BEGIN
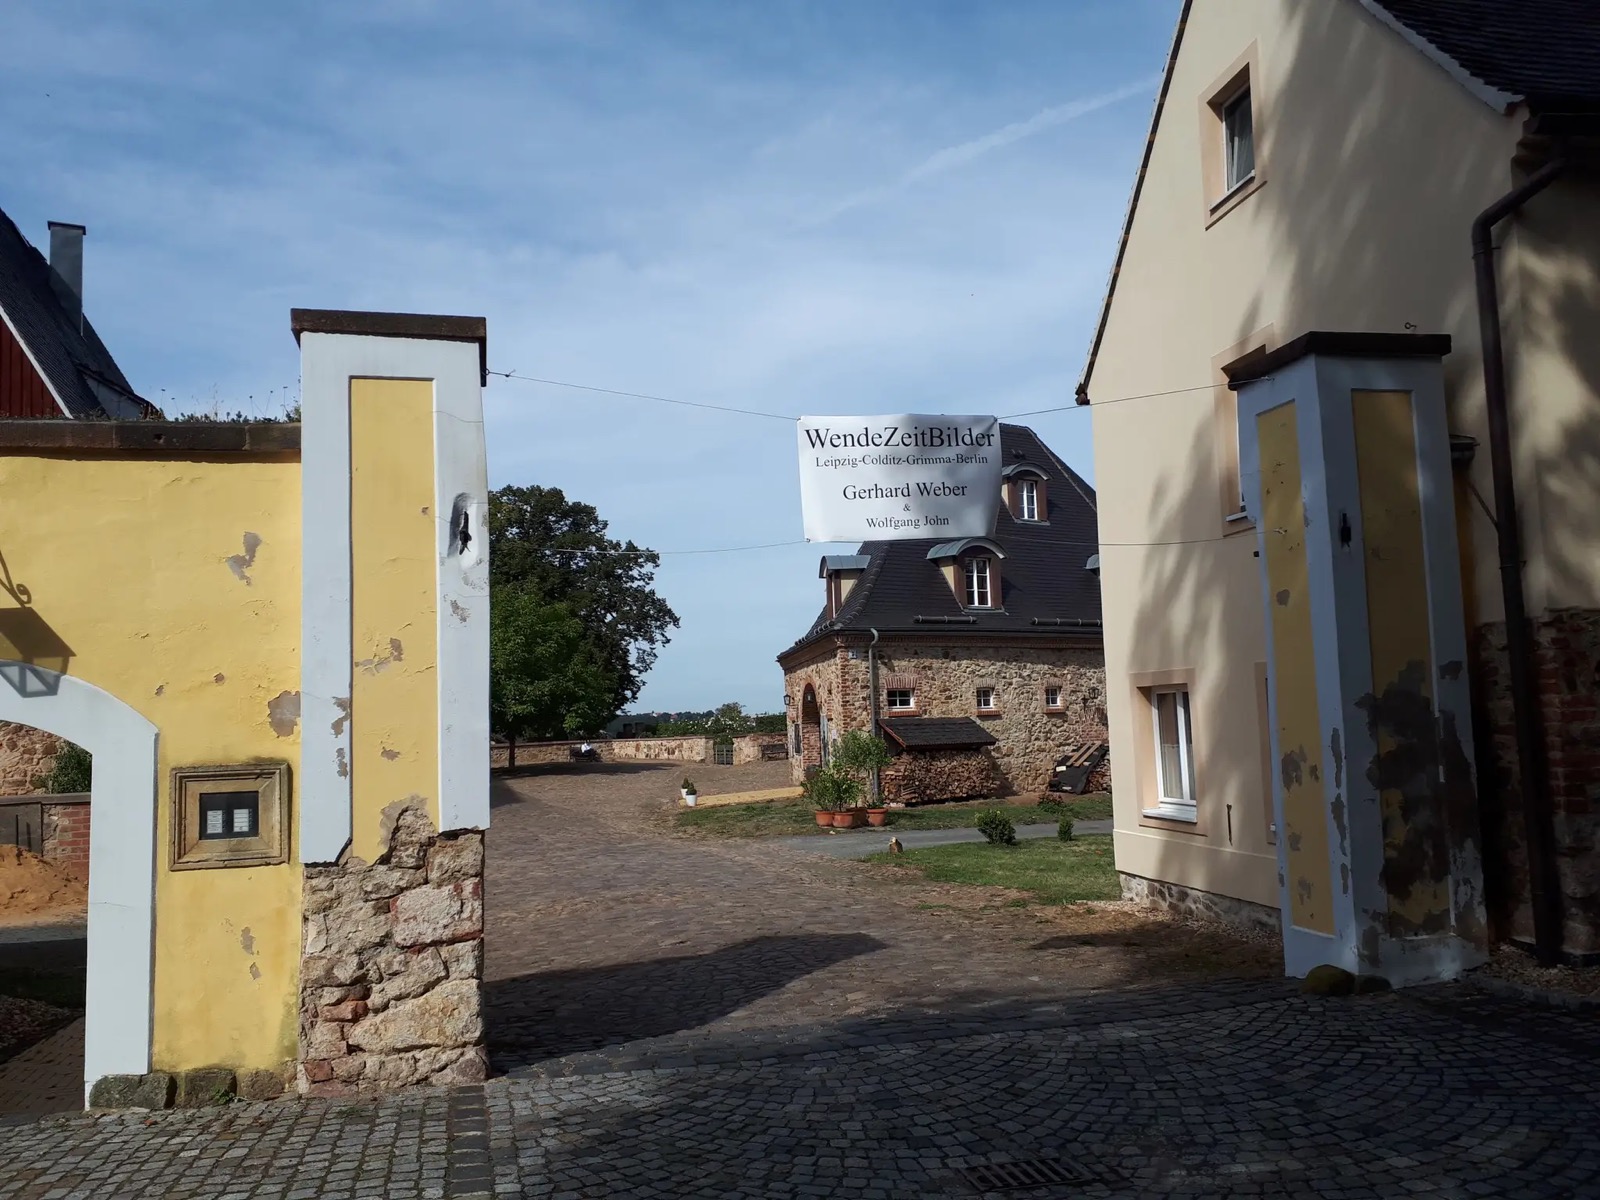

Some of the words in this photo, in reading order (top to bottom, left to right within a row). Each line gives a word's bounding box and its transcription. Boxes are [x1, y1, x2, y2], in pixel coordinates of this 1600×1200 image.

[804, 426, 995, 449] WendeZeitBilder
[815, 453, 988, 469] Leipzig-Colditz-Grimma-Berlin
[843, 483, 911, 500] Gerhard
[916, 482, 968, 497] Weber
[903, 504, 911, 512] &
[866, 517, 920, 530] Wolfgang
[923, 515, 950, 526] John
END
For this exercise, print all of the entries exactly as they appear, but without pictures.

Some of the words in this photo, in reading order (top to bottom, left to right within a row). Each line gives a word's bounding box and its transcription. Boxes are [x1, y1, x2, y2], in pixel coordinates of this 1600×1200 image.

[804, 426, 995, 449] WendeZeitBilder
[815, 453, 988, 469] Leipzig-Colditz-Grimma-Berlin
[843, 483, 911, 500] Gerhard
[916, 482, 968, 497] Weber
[903, 504, 911, 512] &
[866, 517, 920, 530] Wolfgang
[923, 515, 950, 526] John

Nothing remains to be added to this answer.